Each week, dozens of journalistic endeavors turn to Kickstarter for funding. Pitching media projects to this online community brings another meaning to the concept “public interest journalism”; success depends on how intrigued people are by the pitch. From the hugely popular to the barely noticed, CJR’s Kickstarter Chronicles is a look through some of these journalistic proposals.
Hey, you know how the Internet is slowly killing print media? Here’s a Kickstarter project that turns that idea on its head: The Printed Blog. “The world’s only print magazine made of content from the Web” curates blog content and compiles the best submissions into a glossy color magazine alongside edgy, artsy photography (Tyler Shields recently joined The Printed Blog team as photography editor and co-founder).

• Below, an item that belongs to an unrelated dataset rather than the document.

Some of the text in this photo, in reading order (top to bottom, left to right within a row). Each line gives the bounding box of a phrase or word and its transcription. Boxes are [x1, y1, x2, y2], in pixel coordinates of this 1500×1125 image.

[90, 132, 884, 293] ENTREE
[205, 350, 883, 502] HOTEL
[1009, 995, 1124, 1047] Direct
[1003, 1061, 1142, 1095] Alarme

The Printed Blog had a short run in 2009 and 2010 until, according to managing editor Beverly Kim, “the money ran dry.” The campaign, which hopes to raise $25,000, should give the magazine a nice jumping-off point to become a fully sustainable publication, with funds raised going towards printing costs and contributor payments.

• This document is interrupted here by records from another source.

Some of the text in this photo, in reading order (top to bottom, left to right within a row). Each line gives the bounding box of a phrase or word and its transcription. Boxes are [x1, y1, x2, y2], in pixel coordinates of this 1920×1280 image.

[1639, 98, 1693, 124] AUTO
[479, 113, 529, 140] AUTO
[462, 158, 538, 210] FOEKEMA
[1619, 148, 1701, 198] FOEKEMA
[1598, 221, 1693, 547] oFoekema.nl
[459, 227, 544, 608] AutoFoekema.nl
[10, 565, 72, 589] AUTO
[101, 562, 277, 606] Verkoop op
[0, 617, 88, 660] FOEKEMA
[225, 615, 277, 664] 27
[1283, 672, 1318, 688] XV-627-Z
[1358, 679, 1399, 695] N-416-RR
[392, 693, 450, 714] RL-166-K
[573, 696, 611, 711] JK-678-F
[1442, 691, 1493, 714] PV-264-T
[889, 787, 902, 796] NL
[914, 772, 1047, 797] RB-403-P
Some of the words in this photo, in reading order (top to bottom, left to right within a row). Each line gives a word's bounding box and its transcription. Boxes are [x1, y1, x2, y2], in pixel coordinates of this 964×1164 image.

That’s right—bloggers who are traditionally unpaid for their efforts will receive a strange thing in the mail called a “check” for any work that appears in The Printed Blog. The campaign page says the magazine pays $50 for published pieces and photos and hopes to pay more as its budget increases. “We believe that The Printed Blog is more than just a magazine,” Kim wrote to CJR in an email. “It’s a way to memorialize the Internet and give a new rise to citizen journalism. We want bloggers to have the respect and value they deserve.”

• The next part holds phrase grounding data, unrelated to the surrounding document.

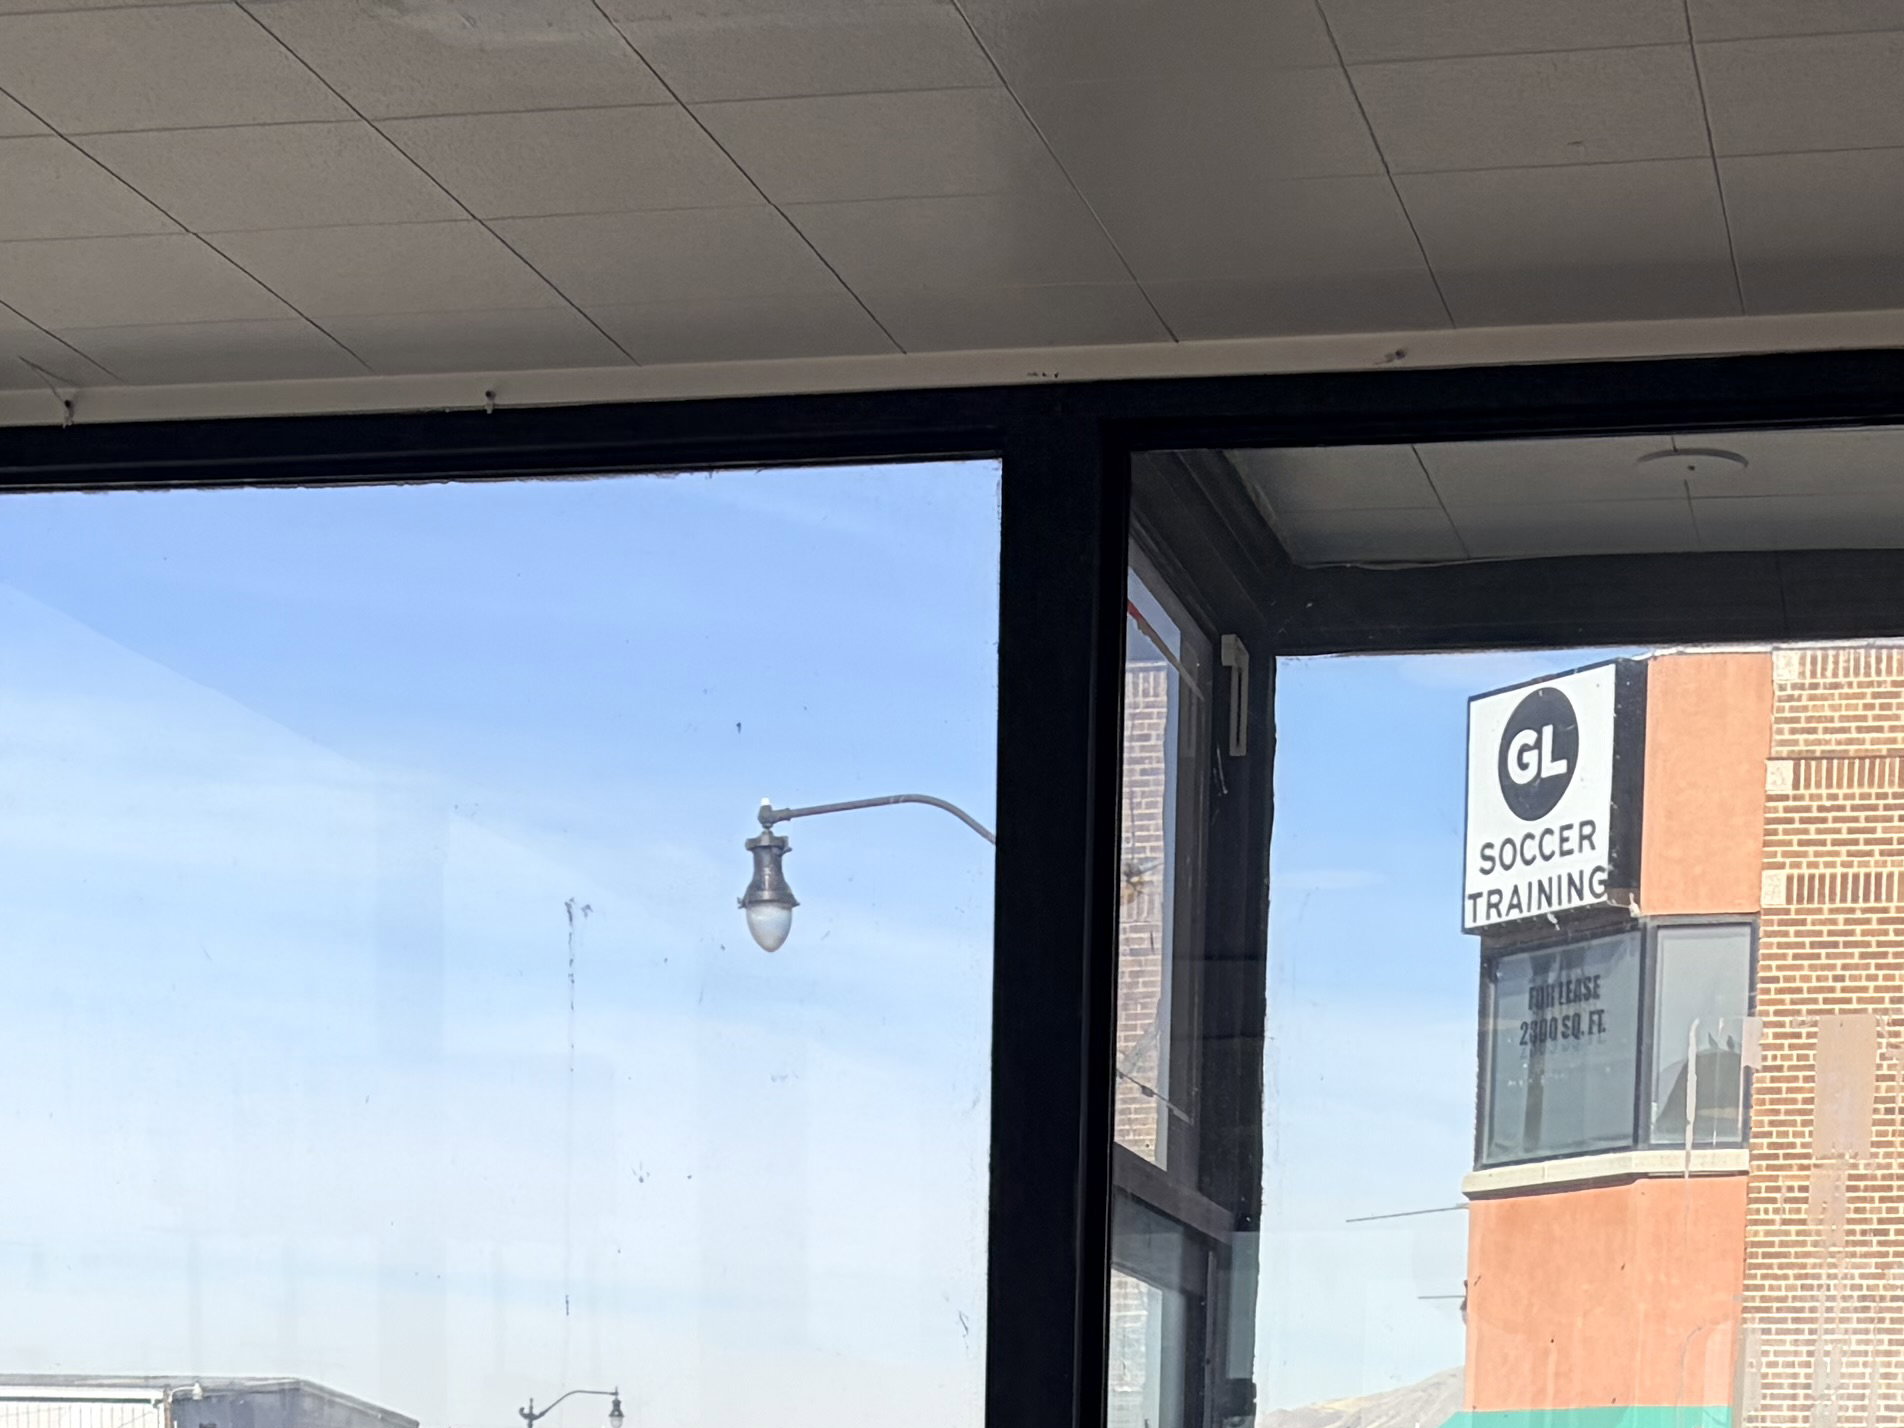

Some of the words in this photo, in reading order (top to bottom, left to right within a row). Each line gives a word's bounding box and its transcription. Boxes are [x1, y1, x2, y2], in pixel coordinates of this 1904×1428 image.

[1507, 724, 1568, 785] GL
[1479, 819, 1597, 876] SOCCER
[1467, 865, 1609, 924] TRAINING
[1528, 983, 1556, 1011] FOR
[1558, 974, 1601, 1006] LEASE

Deadline is October 5 at 10:29 a.m.
Kickstarter isn’t the only crowd-funding website out there (nor was it even the first—ArtistShare, for instance, has been around since 2003, six years before Kickstarter’s debut). Yet another fundraising site is Indiegogo, which differs from Kickstarter in that it lets campaigners to keep however much money they raise, regardless of whether or not they meet their goal in time. Indiegogo also allows fundraisers for charitable efforts—not just the tangible projects to which Kickstarter limits campaigners.
This is good news for the biannual Canadian literary magazine Brick. Its office could use some extra funds to buy a new iMac for publisher and managing editor Nadia Szilvassy, who is currently stuck with a 2004 model. “Even opening a Word document is an ordeal for Nadia’s iMac G4,” assistant editor and circulation manager Liz Johnston (who struggles with her own “not that much better” Mac Mini) told CJR via email. “We tend to see a lot of that spinning colour [sic, Canadian] wheel.”
The magazine hopes to raise at least $1,500 in this campaign, a goal it’s just a few hundred dollars shy of reaching well before the deadline. Additional funds raised will get Nadia a new chair to replace the “hilariously rickety” one she currently occupies, and a new phone to replace their current model that appears to be from the early ’90s. Anyone who has ever experienced the spinning beachball of death’s mocking happy dance should consider chipping in to this worthy cause.
Deadline is November 23 at 8:59 p.m.